*About this exercise*
Below are records to transcribe exactly, without their pictures.

*Data supplied*

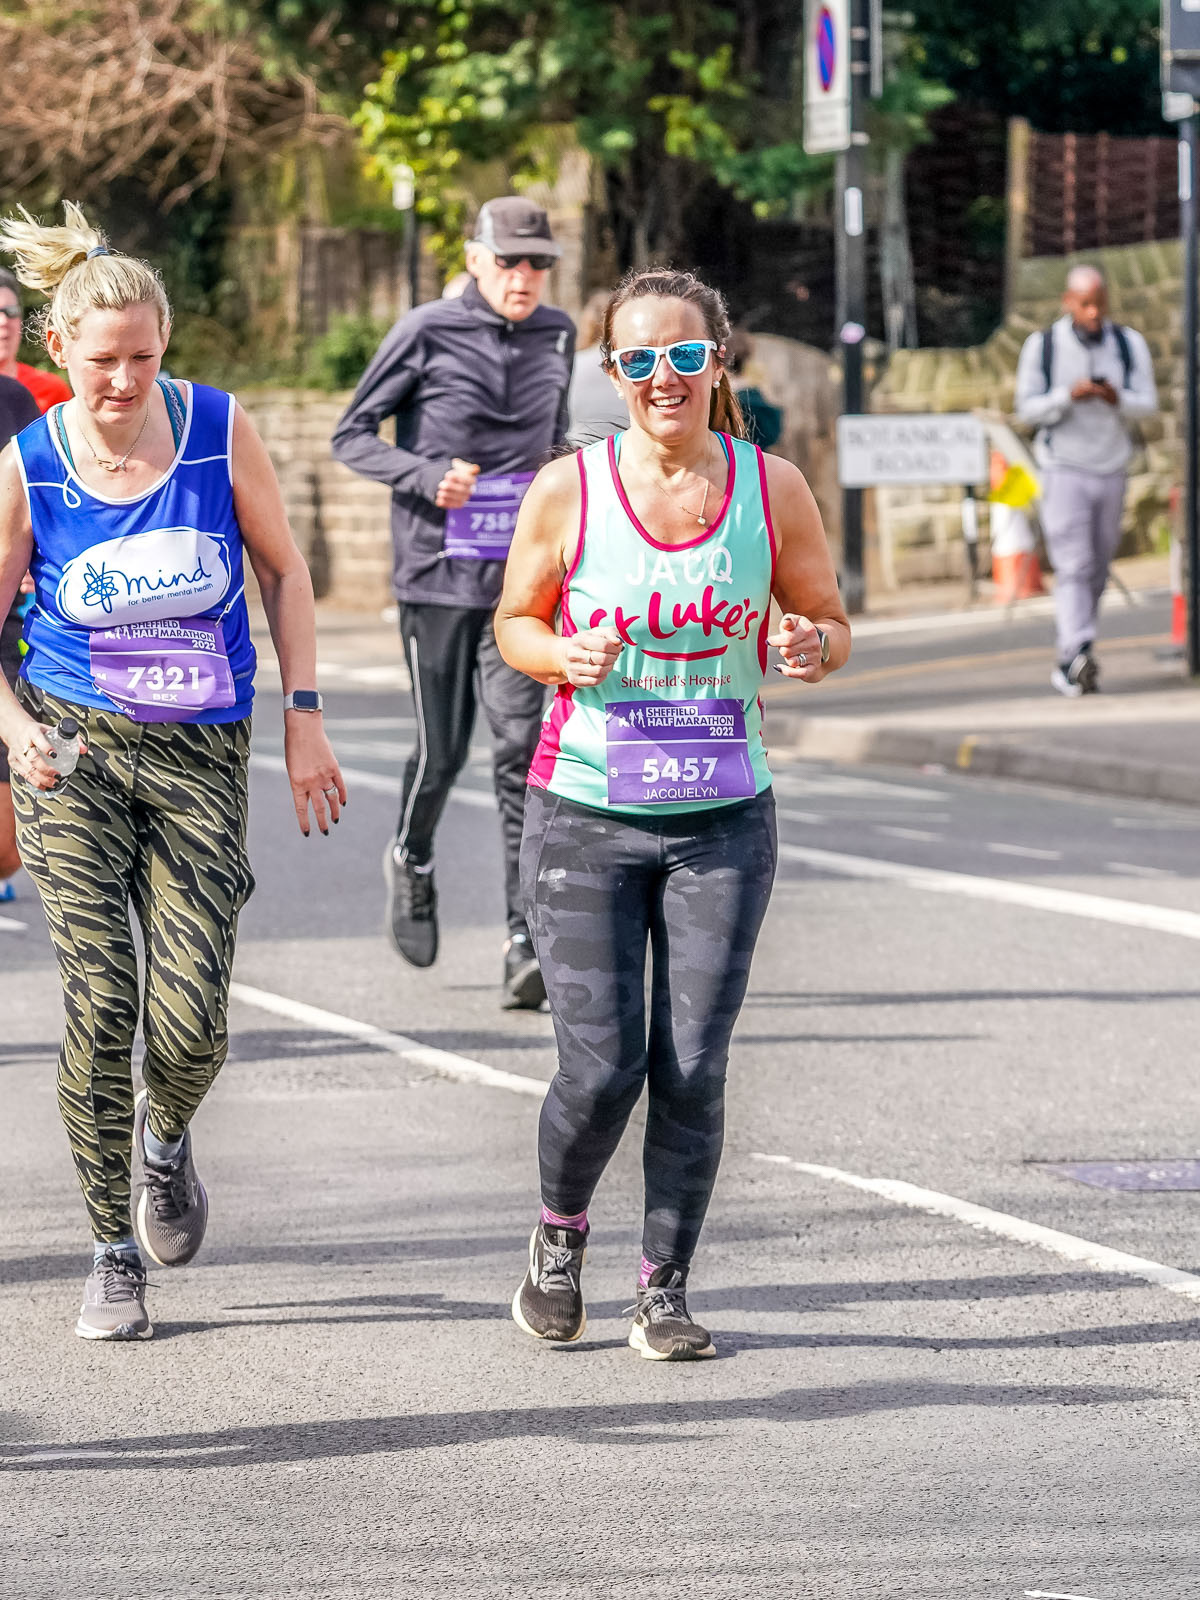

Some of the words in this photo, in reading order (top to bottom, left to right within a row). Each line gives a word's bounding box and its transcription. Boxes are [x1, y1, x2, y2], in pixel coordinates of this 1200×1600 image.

[872, 451, 950, 474] ROAD
[625, 545, 734, 586] JACQ
[121, 556, 212, 596] mind
[128, 599, 139, 607] for
[141, 593, 165, 604] better
[167, 588, 193, 599] mental
[194, 582, 214, 594] health
[648, 585, 758, 640] Luke's
[130, 620, 179, 629] SHEFFIELD
[132, 629, 158, 639] HALF
[160, 628, 215, 641] MARATHON
[192, 640, 217, 651] 2022
[126, 666, 200, 691] 7321
[621, 674, 686, 690] Sheffield's
[152, 693, 178, 702] BEX
[647, 707, 696, 717] SHEFFIELD
[647, 717, 674, 727] HALF
[675, 716, 733, 726] MARATHON
[709, 726, 734, 736] 2022
[610, 768, 618, 778] S
[641, 757, 718, 784] 5457
[643, 786, 718, 800] JACQUELYN
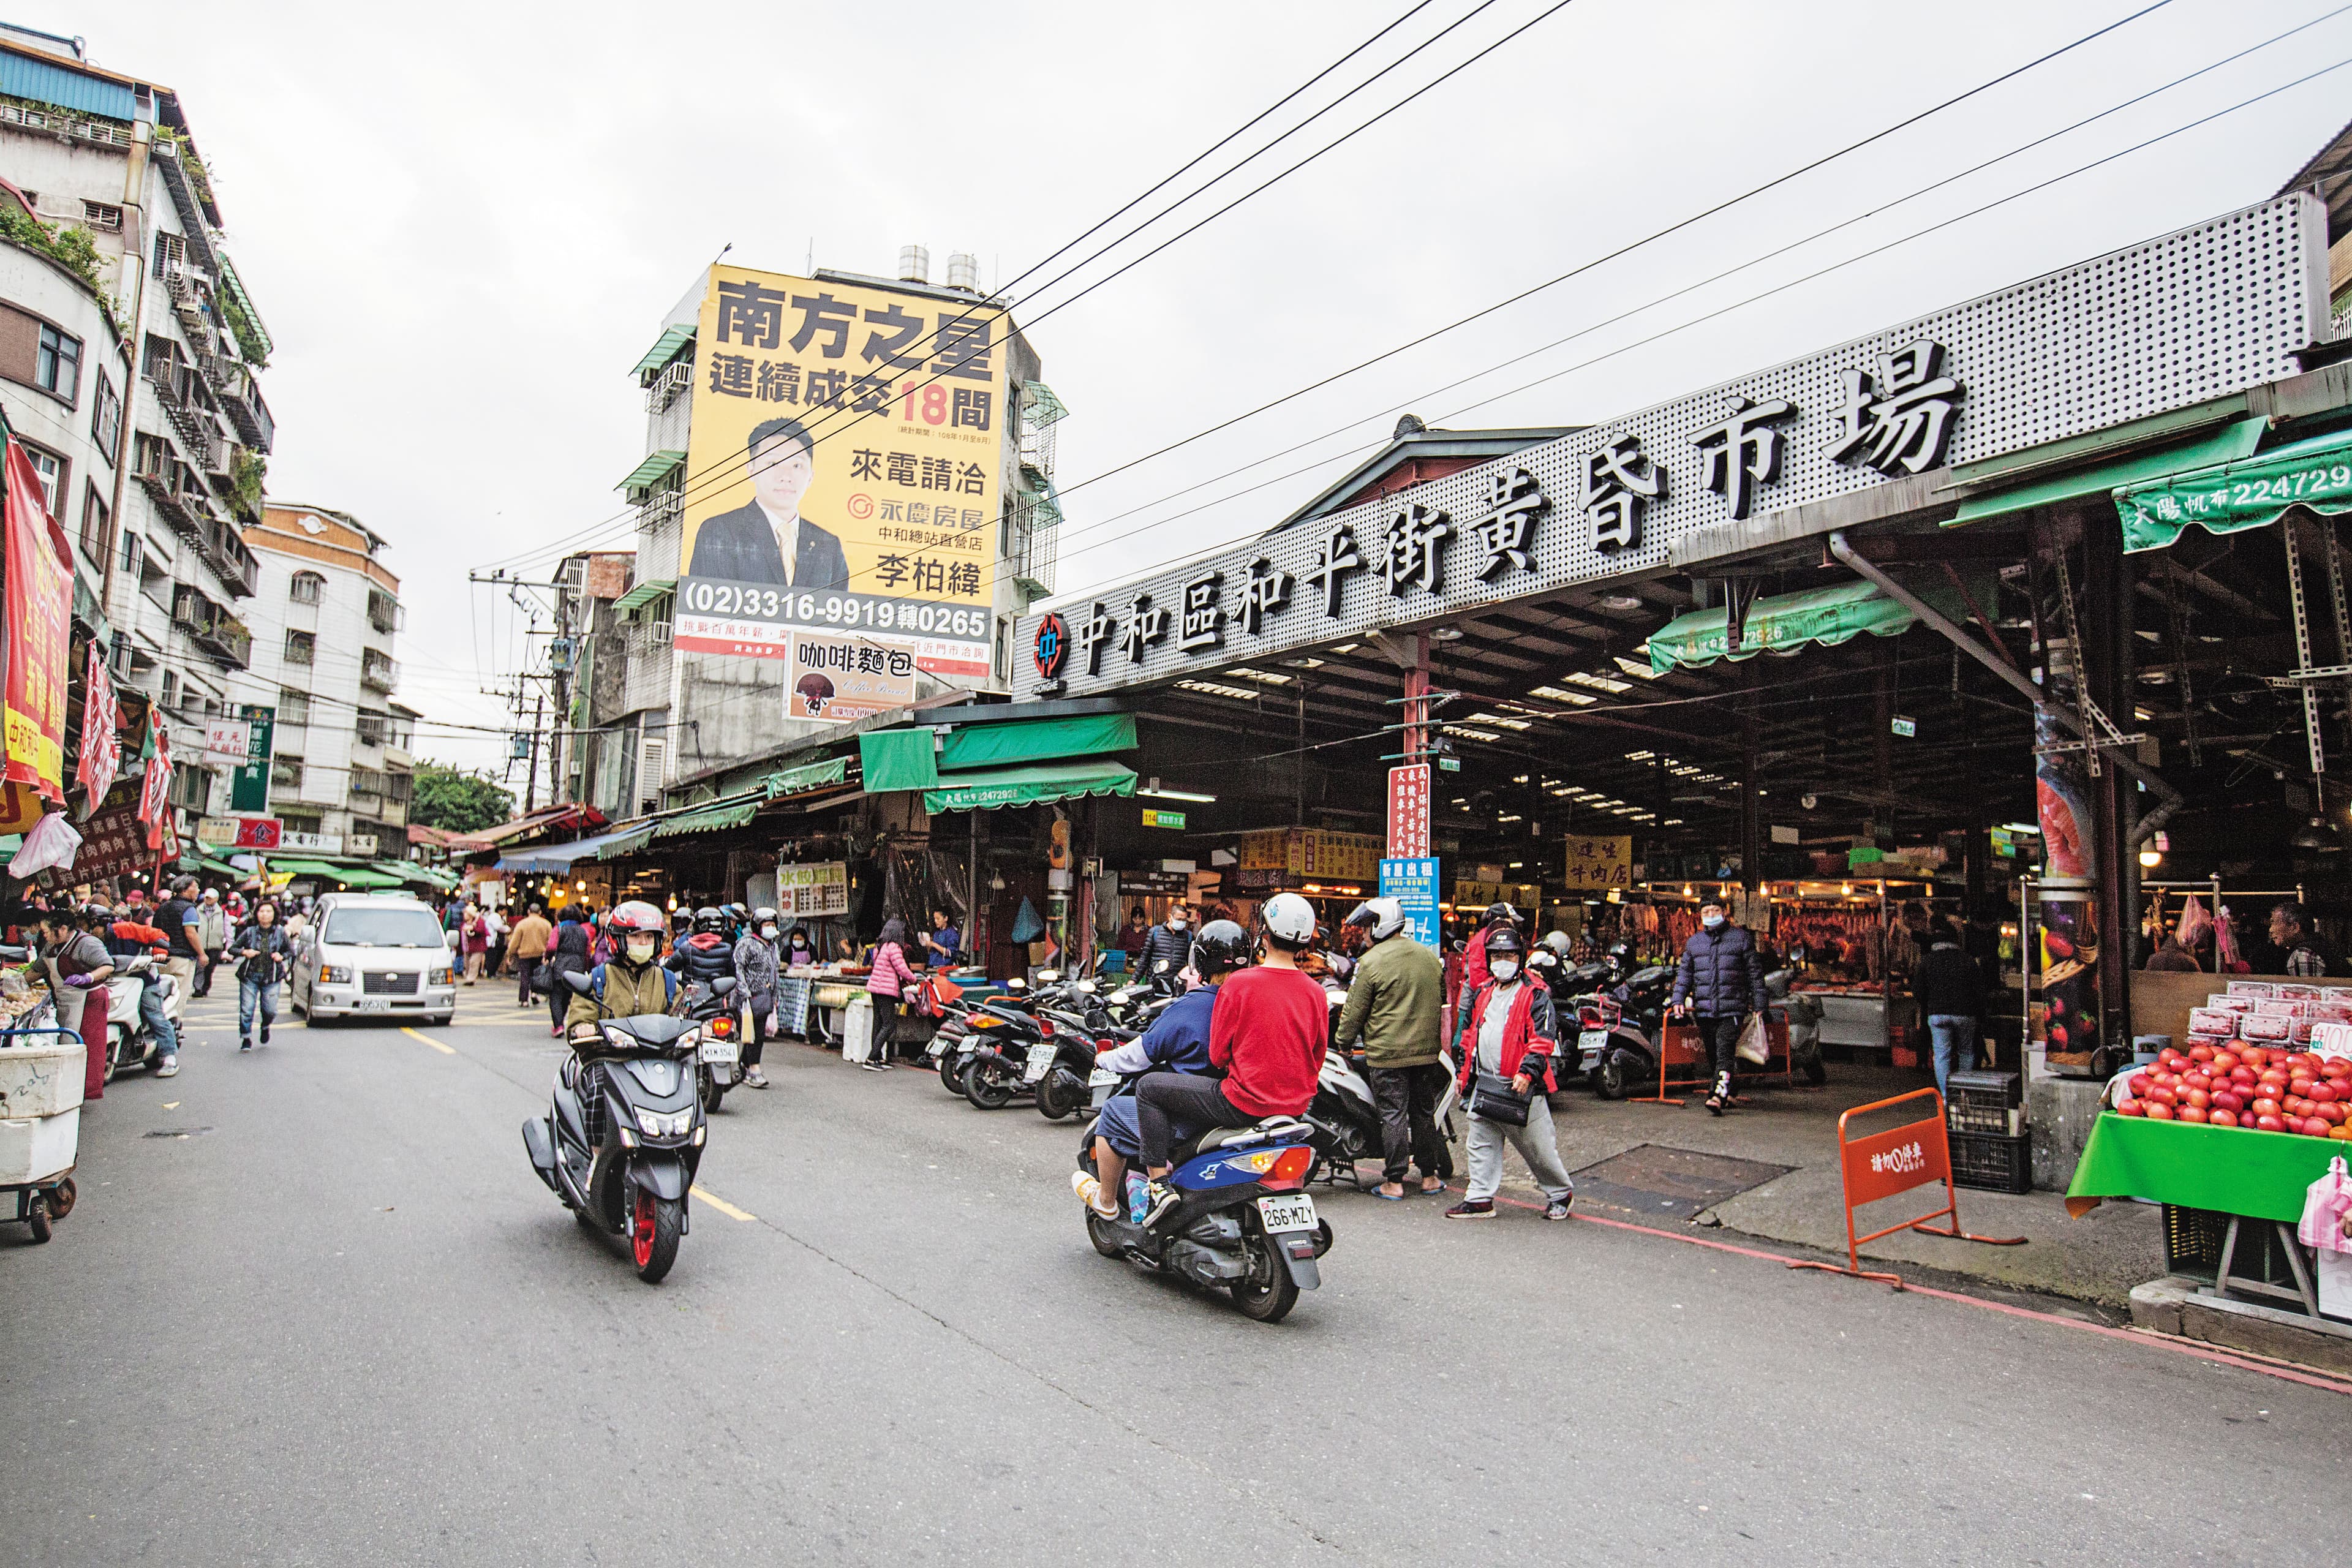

*Written response*
Some of the words in this photo, in reading order (top to bottom, left to right within a row). Each line gives a word's bounding box and its transcription. Boxes are [x1, y1, x2, y2], in pixel coordinates of this 1200×1600 image.

[872, 451, 950, 474] ROAD
[625, 545, 734, 586] JACQ
[121, 556, 212, 596] mind
[128, 599, 139, 607] for
[141, 593, 165, 604] better
[167, 588, 193, 599] mental
[194, 582, 214, 594] health
[648, 585, 758, 640] Luke's
[130, 620, 179, 629] SHEFFIELD
[132, 629, 158, 639] HALF
[160, 628, 215, 641] MARATHON
[192, 640, 217, 651] 2022
[126, 666, 200, 691] 7321
[621, 674, 686, 690] Sheffield's
[152, 693, 178, 702] BEX
[647, 707, 696, 717] SHEFFIELD
[647, 717, 674, 727] HALF
[675, 716, 733, 726] MARATHON
[709, 726, 734, 736] 2022
[610, 768, 618, 778] S
[641, 757, 718, 784] 5457
[643, 786, 718, 800] JACQUELYN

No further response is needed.